• [Available data]:
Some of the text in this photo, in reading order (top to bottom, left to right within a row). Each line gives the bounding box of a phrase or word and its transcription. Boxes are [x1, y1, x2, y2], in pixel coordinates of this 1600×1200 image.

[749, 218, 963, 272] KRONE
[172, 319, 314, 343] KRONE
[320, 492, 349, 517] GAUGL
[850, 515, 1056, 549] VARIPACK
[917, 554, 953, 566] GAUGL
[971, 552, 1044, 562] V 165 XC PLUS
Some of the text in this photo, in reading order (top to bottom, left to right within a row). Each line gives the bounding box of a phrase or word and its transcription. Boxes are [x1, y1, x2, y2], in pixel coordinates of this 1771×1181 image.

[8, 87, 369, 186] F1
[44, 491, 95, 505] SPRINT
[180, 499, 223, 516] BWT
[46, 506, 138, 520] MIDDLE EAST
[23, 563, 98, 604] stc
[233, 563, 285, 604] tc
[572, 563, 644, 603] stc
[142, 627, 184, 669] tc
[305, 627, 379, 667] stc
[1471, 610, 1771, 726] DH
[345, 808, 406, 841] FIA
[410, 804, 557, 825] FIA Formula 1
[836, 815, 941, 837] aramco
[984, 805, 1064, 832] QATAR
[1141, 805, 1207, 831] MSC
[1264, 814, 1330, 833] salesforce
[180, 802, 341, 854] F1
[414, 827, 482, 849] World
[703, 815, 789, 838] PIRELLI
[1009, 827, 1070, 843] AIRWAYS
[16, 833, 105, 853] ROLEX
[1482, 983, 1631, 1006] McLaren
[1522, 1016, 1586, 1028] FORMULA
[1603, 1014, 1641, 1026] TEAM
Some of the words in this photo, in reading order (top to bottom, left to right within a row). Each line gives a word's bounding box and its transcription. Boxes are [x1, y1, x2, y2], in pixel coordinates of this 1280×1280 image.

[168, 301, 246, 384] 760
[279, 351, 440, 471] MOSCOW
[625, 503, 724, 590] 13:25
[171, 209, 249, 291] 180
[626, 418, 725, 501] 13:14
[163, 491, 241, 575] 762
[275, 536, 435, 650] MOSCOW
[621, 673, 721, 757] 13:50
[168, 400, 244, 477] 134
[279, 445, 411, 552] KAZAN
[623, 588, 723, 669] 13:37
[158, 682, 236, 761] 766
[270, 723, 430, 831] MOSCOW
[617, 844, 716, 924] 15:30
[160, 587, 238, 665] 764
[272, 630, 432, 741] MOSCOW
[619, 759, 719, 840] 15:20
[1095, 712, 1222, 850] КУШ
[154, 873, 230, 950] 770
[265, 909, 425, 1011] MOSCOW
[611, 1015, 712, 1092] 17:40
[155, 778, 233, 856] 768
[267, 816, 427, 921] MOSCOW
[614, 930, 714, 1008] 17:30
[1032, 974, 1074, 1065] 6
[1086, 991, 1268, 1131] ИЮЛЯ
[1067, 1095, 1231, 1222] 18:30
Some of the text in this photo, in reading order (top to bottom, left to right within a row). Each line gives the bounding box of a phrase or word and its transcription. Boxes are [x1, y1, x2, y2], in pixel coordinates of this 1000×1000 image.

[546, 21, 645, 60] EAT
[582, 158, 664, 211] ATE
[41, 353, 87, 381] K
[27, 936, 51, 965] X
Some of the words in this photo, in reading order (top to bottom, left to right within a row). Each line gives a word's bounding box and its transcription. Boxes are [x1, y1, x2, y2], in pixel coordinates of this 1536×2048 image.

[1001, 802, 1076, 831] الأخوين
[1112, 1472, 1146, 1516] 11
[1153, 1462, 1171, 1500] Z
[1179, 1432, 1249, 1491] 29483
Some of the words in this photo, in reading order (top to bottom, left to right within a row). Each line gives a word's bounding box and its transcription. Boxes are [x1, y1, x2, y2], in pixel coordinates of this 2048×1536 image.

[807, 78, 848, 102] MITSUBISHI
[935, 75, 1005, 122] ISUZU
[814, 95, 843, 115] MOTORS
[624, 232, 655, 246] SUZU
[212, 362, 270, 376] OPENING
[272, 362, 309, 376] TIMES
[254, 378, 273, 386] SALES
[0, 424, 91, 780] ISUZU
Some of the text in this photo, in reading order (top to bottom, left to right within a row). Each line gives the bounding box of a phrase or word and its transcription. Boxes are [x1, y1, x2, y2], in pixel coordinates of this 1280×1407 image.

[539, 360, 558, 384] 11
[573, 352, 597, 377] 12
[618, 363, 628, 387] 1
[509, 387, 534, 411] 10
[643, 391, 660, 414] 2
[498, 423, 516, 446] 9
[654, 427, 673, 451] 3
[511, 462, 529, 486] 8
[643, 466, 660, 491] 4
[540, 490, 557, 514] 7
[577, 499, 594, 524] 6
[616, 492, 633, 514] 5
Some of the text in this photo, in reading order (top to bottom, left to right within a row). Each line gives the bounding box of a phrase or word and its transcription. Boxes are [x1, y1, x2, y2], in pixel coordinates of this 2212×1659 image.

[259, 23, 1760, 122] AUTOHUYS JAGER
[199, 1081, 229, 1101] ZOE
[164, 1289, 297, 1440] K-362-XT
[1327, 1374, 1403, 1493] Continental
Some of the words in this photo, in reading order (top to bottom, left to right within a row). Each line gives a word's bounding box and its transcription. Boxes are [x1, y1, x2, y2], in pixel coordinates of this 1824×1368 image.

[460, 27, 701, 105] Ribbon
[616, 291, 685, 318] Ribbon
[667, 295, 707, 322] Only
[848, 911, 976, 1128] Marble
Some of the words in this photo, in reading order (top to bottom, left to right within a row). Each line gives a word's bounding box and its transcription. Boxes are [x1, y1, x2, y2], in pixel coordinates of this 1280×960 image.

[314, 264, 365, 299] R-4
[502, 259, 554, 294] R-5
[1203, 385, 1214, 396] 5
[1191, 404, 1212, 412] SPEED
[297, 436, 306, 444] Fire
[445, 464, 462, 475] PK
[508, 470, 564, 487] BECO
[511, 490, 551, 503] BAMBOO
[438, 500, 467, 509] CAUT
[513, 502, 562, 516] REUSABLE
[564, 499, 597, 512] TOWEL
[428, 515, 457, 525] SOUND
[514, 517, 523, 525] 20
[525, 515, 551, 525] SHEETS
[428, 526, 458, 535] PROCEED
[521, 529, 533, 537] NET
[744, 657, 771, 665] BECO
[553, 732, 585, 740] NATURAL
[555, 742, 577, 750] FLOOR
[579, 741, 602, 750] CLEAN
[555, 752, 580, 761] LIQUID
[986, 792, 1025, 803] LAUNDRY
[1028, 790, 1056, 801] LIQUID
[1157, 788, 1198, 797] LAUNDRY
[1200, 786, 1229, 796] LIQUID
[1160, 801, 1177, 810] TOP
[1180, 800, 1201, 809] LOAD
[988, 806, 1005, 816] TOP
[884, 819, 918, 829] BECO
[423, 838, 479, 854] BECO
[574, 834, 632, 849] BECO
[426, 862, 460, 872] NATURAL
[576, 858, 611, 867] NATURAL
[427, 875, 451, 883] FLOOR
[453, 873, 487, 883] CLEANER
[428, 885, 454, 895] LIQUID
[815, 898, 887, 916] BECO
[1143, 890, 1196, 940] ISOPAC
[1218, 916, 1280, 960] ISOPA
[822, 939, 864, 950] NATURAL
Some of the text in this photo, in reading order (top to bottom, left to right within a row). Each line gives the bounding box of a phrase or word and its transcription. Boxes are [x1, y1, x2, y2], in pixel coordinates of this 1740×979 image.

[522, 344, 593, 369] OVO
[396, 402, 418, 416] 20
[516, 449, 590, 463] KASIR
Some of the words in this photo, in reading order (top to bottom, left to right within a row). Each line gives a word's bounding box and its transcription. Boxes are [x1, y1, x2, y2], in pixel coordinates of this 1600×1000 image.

• [Activity]: Line by line, write out the whole listing exactly.

• [Answer for this exercise]:
Some of the text in this photo, in reading order (top to bottom, left to right within a row). Each line gives the bounding box of a phrase or word and its transcription. Boxes are [x1, y1, x2, y2], in pixel coordinates of this 1600×1200 image.

[749, 218, 963, 272] KRONE
[172, 319, 314, 343] KRONE
[320, 492, 349, 517] GAUGL
[850, 515, 1056, 549] VARIPACK
[917, 554, 953, 566] GAUGL
[971, 552, 1044, 562] V 165 XC PLUS
Some of the text in this photo, in reading order (top to bottom, left to right within a row). Each line gives the bounding box of a phrase or word and its transcription. Boxes are [x1, y1, x2, y2], in pixel coordinates of this 1771×1181 image.

[8, 87, 369, 186] F1
[44, 491, 95, 505] SPRINT
[180, 499, 223, 516] BWT
[46, 506, 138, 520] MIDDLE EAST
[23, 563, 98, 604] stc
[233, 563, 285, 604] tc
[572, 563, 644, 603] stc
[142, 627, 184, 669] tc
[305, 627, 379, 667] stc
[1471, 610, 1771, 726] DH
[345, 808, 406, 841] FIA
[410, 804, 557, 825] FIA Formula 1
[836, 815, 941, 837] aramco
[984, 805, 1064, 832] QATAR
[1141, 805, 1207, 831] MSC
[1264, 814, 1330, 833] salesforce
[180, 802, 341, 854] F1
[414, 827, 482, 849] World
[703, 815, 789, 838] PIRELLI
[1009, 827, 1070, 843] AIRWAYS
[16, 833, 105, 853] ROLEX
[1482, 983, 1631, 1006] McLaren
[1522, 1016, 1586, 1028] FORMULA
[1603, 1014, 1641, 1026] TEAM
Some of the words in this photo, in reading order (top to bottom, left to right within a row). Each line gives a word's bounding box and its transcription. Boxes are [x1, y1, x2, y2], in pixel coordinates of this 1280×1280 image.

[168, 301, 246, 384] 760
[279, 351, 440, 471] MOSCOW
[625, 503, 724, 590] 13:25
[171, 209, 249, 291] 180
[626, 418, 725, 501] 13:14
[163, 491, 241, 575] 762
[275, 536, 435, 650] MOSCOW
[621, 673, 721, 757] 13:50
[168, 400, 244, 477] 134
[279, 445, 411, 552] KAZAN
[623, 588, 723, 669] 13:37
[158, 682, 236, 761] 766
[270, 723, 430, 831] MOSCOW
[617, 844, 716, 924] 15:30
[160, 587, 238, 665] 764
[272, 630, 432, 741] MOSCOW
[619, 759, 719, 840] 15:20
[1095, 712, 1222, 850] КУШ
[154, 873, 230, 950] 770
[265, 909, 425, 1011] MOSCOW
[611, 1015, 712, 1092] 17:40
[155, 778, 233, 856] 768
[267, 816, 427, 921] MOSCOW
[614, 930, 714, 1008] 17:30
[1032, 974, 1074, 1065] 6
[1086, 991, 1268, 1131] ИЮЛЯ
[1067, 1095, 1231, 1222] 18:30
Some of the text in this photo, in reading order (top to bottom, left to right within a row). Each line gives the bounding box of a phrase or word and its transcription. Boxes are [x1, y1, x2, y2], in pixel coordinates of this 1000×1000 image.

[546, 21, 645, 60] EAT
[582, 158, 664, 211] ATE
[41, 353, 87, 381] K
[27, 936, 51, 965] X
Some of the words in this photo, in reading order (top to bottom, left to right within a row). Each line gives a word's bounding box and its transcription. Boxes are [x1, y1, x2, y2], in pixel coordinates of this 1536×2048 image.

[1001, 802, 1076, 831] الأخوين
[1112, 1472, 1146, 1516] 11
[1153, 1462, 1171, 1500] Z
[1179, 1432, 1249, 1491] 29483
Some of the words in this photo, in reading order (top to bottom, left to right within a row). Each line gives a word's bounding box and its transcription. Boxes are [x1, y1, x2, y2], in pixel coordinates of this 2048×1536 image.

[807, 78, 848, 102] MITSUBISHI
[935, 75, 1005, 122] ISUZU
[814, 95, 843, 115] MOTORS
[624, 232, 655, 246] SUZU
[212, 362, 270, 376] OPENING
[272, 362, 309, 376] TIMES
[254, 378, 273, 386] SALES
[0, 424, 91, 780] ISUZU
Some of the text in this photo, in reading order (top to bottom, left to right within a row). Each line gives the bounding box of a phrase or word and its transcription. Boxes are [x1, y1, x2, y2], in pixel coordinates of this 1280×1407 image.

[539, 360, 558, 384] 11
[573, 352, 597, 377] 12
[618, 363, 628, 387] 1
[509, 387, 534, 411] 10
[643, 391, 660, 414] 2
[498, 423, 516, 446] 9
[654, 427, 673, 451] 3
[511, 462, 529, 486] 8
[643, 466, 660, 491] 4
[540, 490, 557, 514] 7
[577, 499, 594, 524] 6
[616, 492, 633, 514] 5
Some of the text in this photo, in reading order (top to bottom, left to right within a row). Each line gives the bounding box of a phrase or word and its transcription. Boxes are [x1, y1, x2, y2], in pixel coordinates of this 2212×1659 image.

[259, 23, 1760, 122] AUTOHUYS JAGER
[199, 1081, 229, 1101] ZOE
[164, 1289, 297, 1440] K-362-XT
[1327, 1374, 1403, 1493] Continental
Some of the words in this photo, in reading order (top to bottom, left to right within a row). Each line gives a word's bounding box and its transcription. Boxes are [x1, y1, x2, y2], in pixel coordinates of this 1824×1368 image.

[460, 27, 701, 105] Ribbon
[616, 291, 685, 318] Ribbon
[667, 295, 707, 322] Only
[848, 911, 976, 1128] Marble
Some of the words in this photo, in reading order (top to bottom, left to right within a row). Each line gives a word's bounding box and its transcription. Boxes are [x1, y1, x2, y2], in pixel coordinates of this 1280×960 image.

[314, 264, 365, 299] R-4
[502, 259, 554, 294] R-5
[1203, 385, 1214, 396] 5
[1191, 404, 1212, 412] SPEED
[297, 436, 306, 444] Fire
[445, 464, 462, 475] PK
[508, 470, 564, 487] BECO
[511, 490, 551, 503] BAMBOO
[438, 500, 467, 509] CAUT
[513, 502, 562, 516] REUSABLE
[564, 499, 597, 512] TOWEL
[428, 515, 457, 525] SOUND
[514, 517, 523, 525] 20
[525, 515, 551, 525] SHEETS
[428, 526, 458, 535] PROCEED
[521, 529, 533, 537] NET
[744, 657, 771, 665] BECO
[553, 732, 585, 740] NATURAL
[555, 742, 577, 750] FLOOR
[579, 741, 602, 750] CLEAN
[555, 752, 580, 761] LIQUID
[986, 792, 1025, 803] LAUNDRY
[1028, 790, 1056, 801] LIQUID
[1157, 788, 1198, 797] LAUNDRY
[1200, 786, 1229, 796] LIQUID
[1160, 801, 1177, 810] TOP
[1180, 800, 1201, 809] LOAD
[988, 806, 1005, 816] TOP
[884, 819, 918, 829] BECO
[423, 838, 479, 854] BECO
[574, 834, 632, 849] BECO
[426, 862, 460, 872] NATURAL
[576, 858, 611, 867] NATURAL
[427, 875, 451, 883] FLOOR
[453, 873, 487, 883] CLEANER
[428, 885, 454, 895] LIQUID
[815, 898, 887, 916] BECO
[1143, 890, 1196, 940] ISOPAC
[1218, 916, 1280, 960] ISOPA
[822, 939, 864, 950] NATURAL
Some of the text in this photo, in reading order (top to bottom, left to right within a row). Each line gives the bounding box of a phrase or word and its transcription. Boxes are [x1, y1, x2, y2], in pixel coordinates of this 1740×979 image.

[522, 344, 593, 369] OVO
[396, 402, 418, 416] 20
[516, 449, 590, 463] KASIR
Some of the words in this photo, in reading order (top to bottom, left to right within a row). Each line gives a word's bounding box and its transcription. Boxes are [x1, y1, x2, y2], in pixel coordinates of this 1600×1000 image.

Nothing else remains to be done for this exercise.